Angry Birds, the mobile game that has allegedly cost billions in productivity losses over the years, continues to be Rovio’s biggest money spinner until today. While the game has lost its initial popularity among the masses, it has become a highly recognizable icon, and a Georgia Tech team has worked to pair up a humanoid robot alongside Angry Birds to assist kids when it comes to the rehabilitation process. In other words, you can now play Angry Birds with a robot.
Thanks to the partnership between a smart tablet and Angry Birds, children can now able to enjoy what used to be the domain of engineers and computer scientists, that is, to program a robot in order to help them pick up new skills. The Georgia Institute of Technology project has been specially designed to function as a rehabilitation tool, in an effort to assist children with disabilities.

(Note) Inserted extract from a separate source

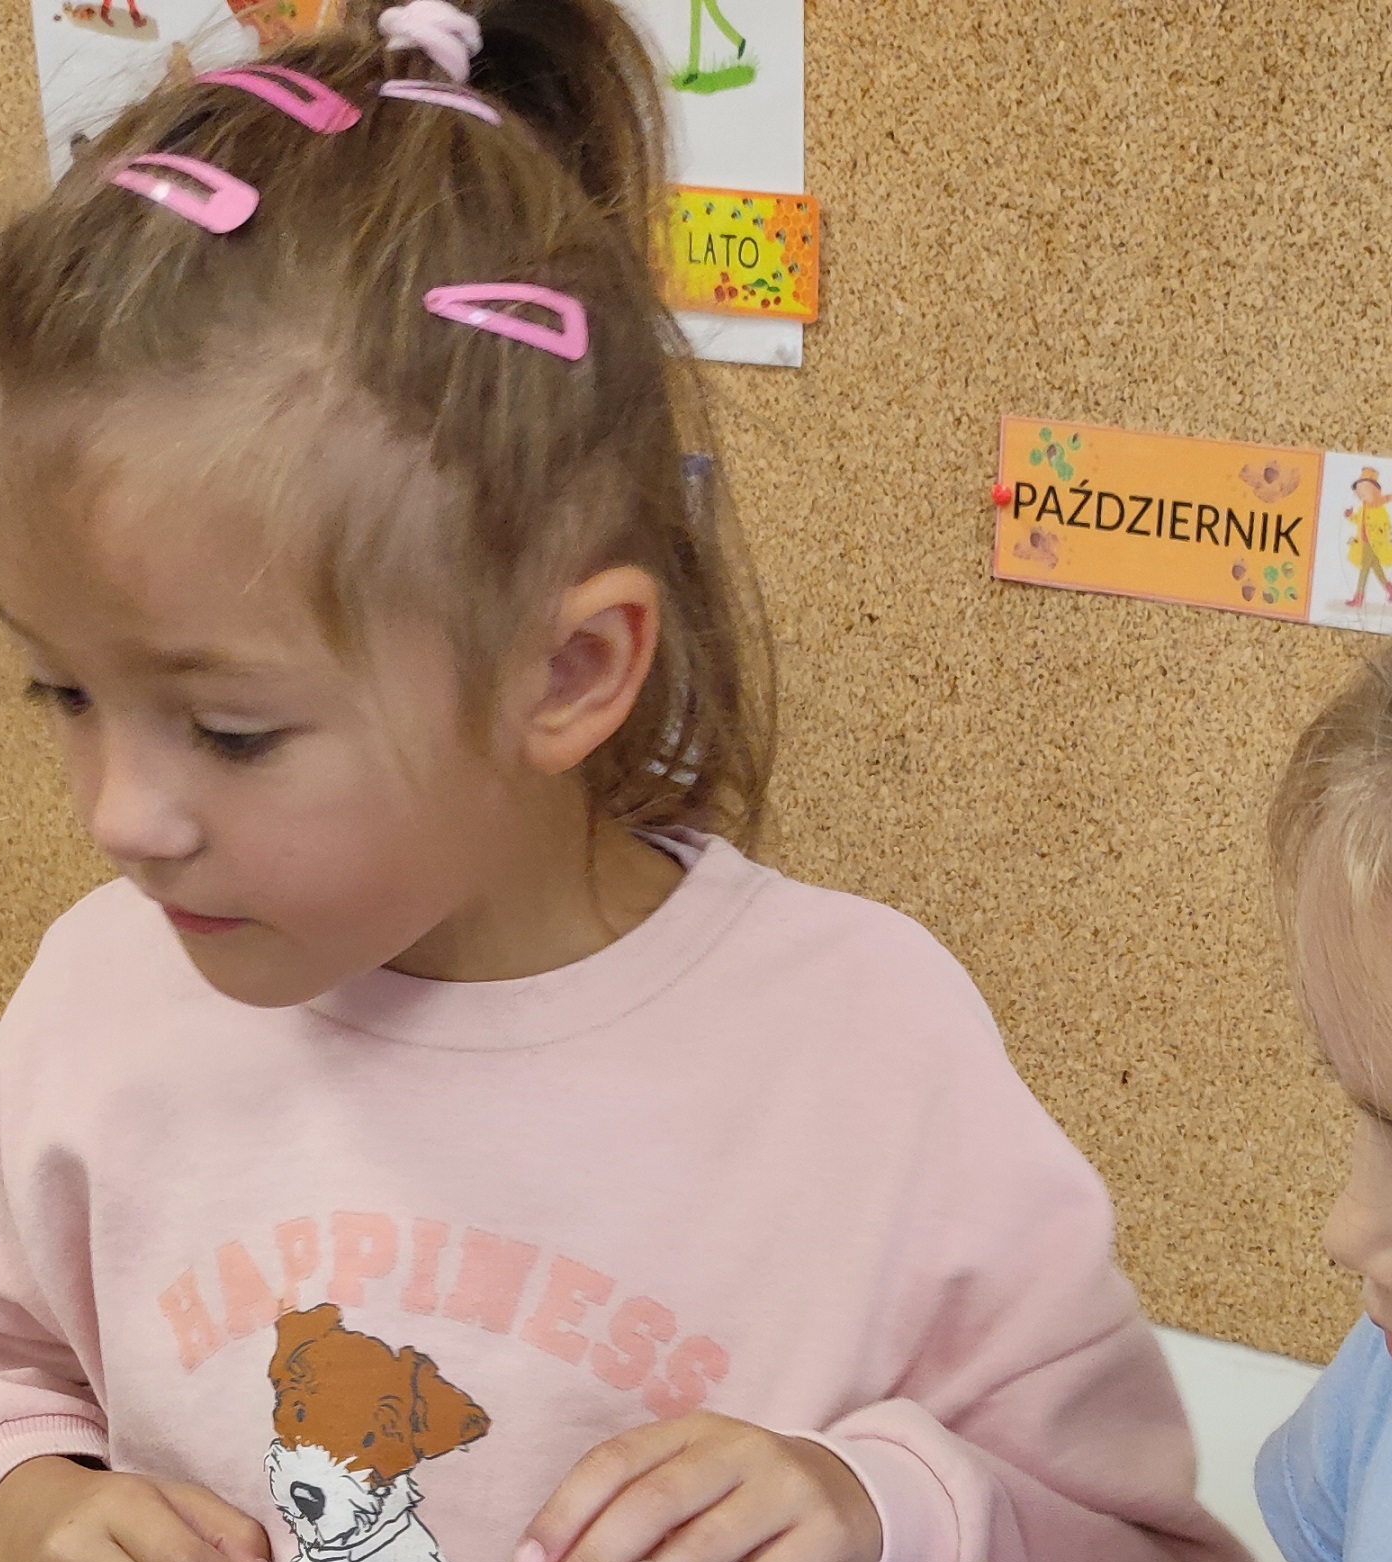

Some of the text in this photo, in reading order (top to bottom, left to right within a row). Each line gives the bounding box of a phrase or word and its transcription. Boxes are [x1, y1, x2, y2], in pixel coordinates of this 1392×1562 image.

[688, 231, 760, 269] LATO
[1012, 479, 1305, 556] PAŹDZIERNIK
[156, 1210, 731, 1421] HAPPINESS

Kids will teach a robot how to play Angry Birds using a tablet, as they drag their finger on the tablet to send their feathered friend flying across the screen. The robot will see what has happened, keeping “snapshots” of that action in its memory bank. It will keep track of where the finger starts and stops, notice how the objects on the screen move and its interaction with one another, while using the scoreline as a measurement for success.
The robot’s turn will then try to mimic and improve on the child’s movements, and if the move fails, it will shake its head to reflect a feeling of disappointment. Should it successfully topple a building and score some points, the robot’s eyes will light up, as the machine “celebrates”.